- WHAT IS EXPECTED -
Exact reproduction of all the data is required, with pictures excluded.

● ● ● ● ●

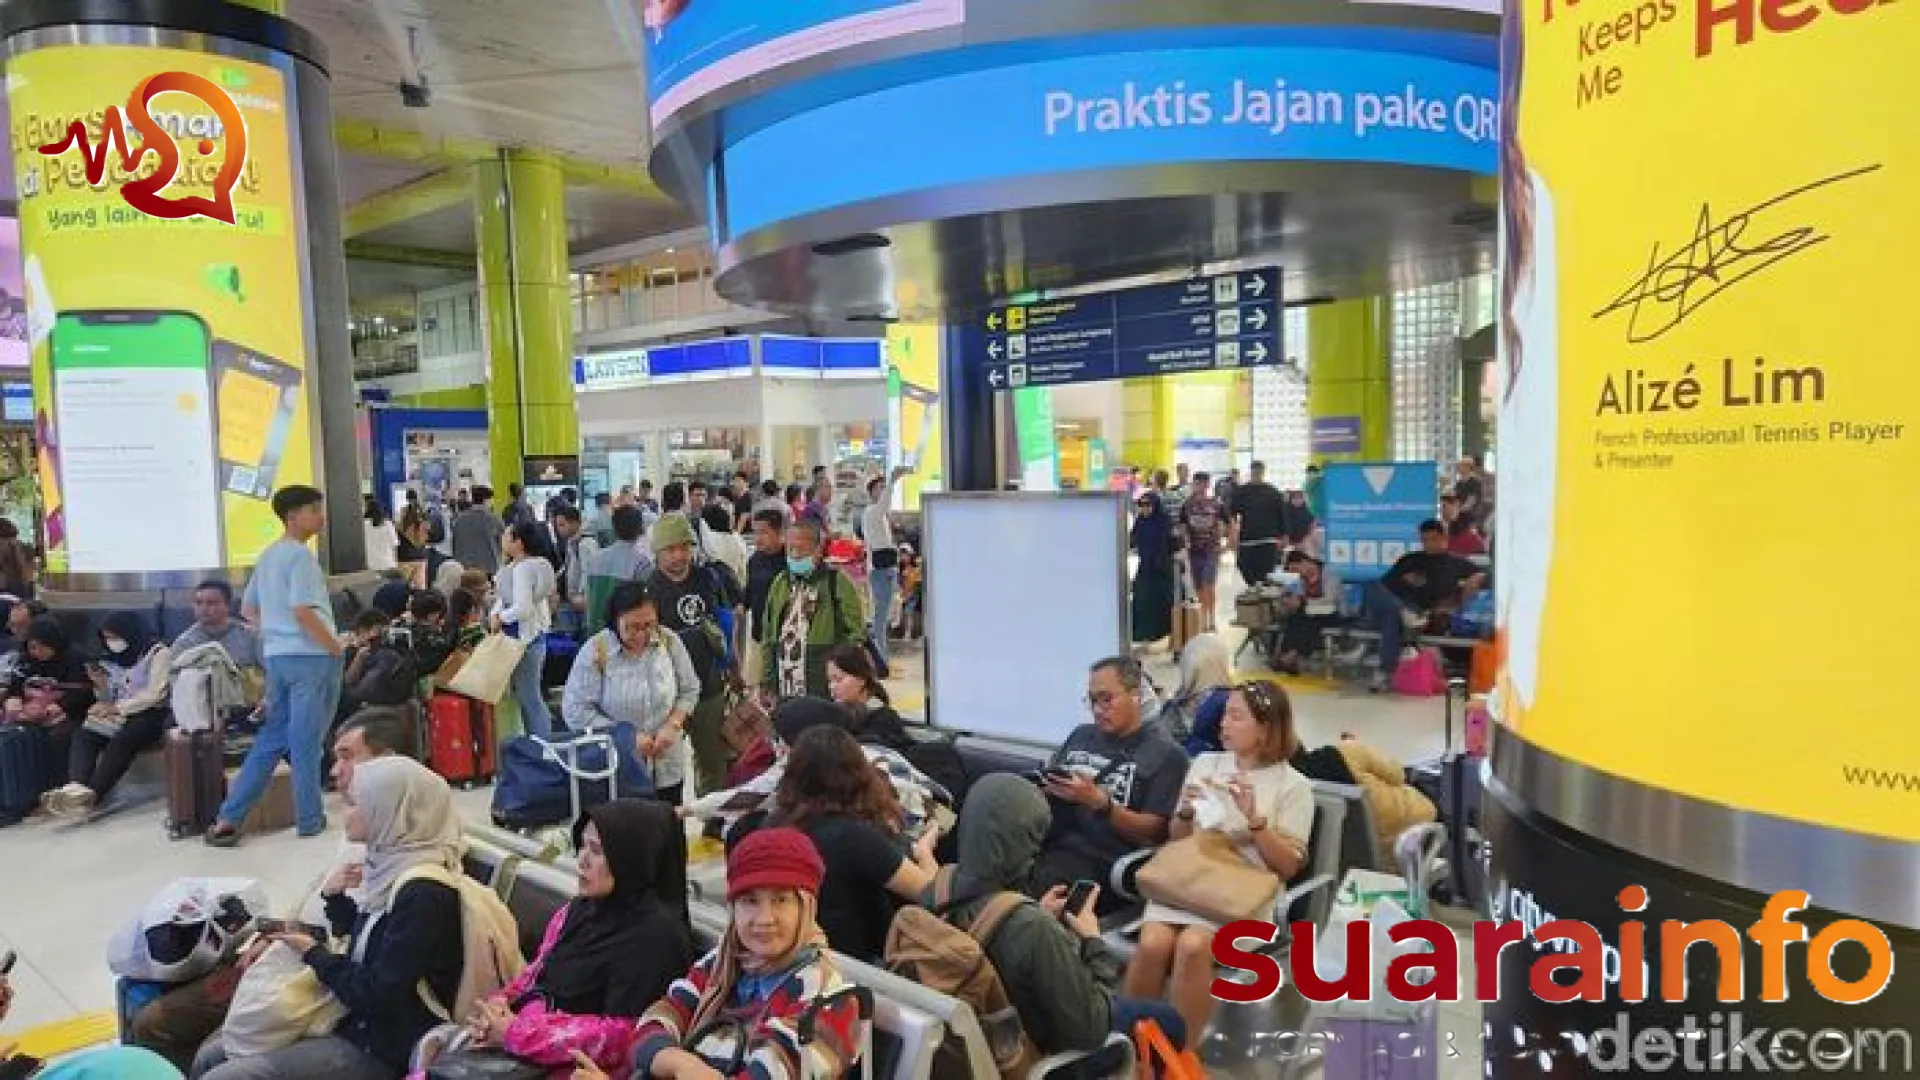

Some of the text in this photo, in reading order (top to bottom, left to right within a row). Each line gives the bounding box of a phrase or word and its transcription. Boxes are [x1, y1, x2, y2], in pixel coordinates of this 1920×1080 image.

[1578, 0, 1676, 60] Keeps
[1044, 79, 1211, 135] Praktis
[1222, 79, 1341, 135] Jajan
[1355, 82, 1447, 137] pake
[1576, 65, 1622, 109] Me
[1596, 355, 1825, 416] Alizé Lim
[1642, 426, 1746, 445] Professional
[1754, 423, 1819, 442] Tennis
[1828, 421, 1905, 444] Player

● ● ● ● ●

- SOLVED PROBLEM -
Some of the text in this photo, in reading order (top to bottom, left to right within a row). Each line gives the bounding box of a phrase or word and its transcription. Boxes are [x1, y1, x2, y2], in pixel coordinates of this 1920×1080 image.

[1578, 0, 1676, 60] Keeps
[1044, 79, 1211, 135] Praktis
[1222, 79, 1341, 135] Jajan
[1355, 82, 1447, 137] pake
[1576, 65, 1622, 109] Me
[1596, 355, 1825, 416] Alizé Lim
[1642, 426, 1746, 445] Professional
[1754, 423, 1819, 442] Tennis
[1828, 421, 1905, 444] Player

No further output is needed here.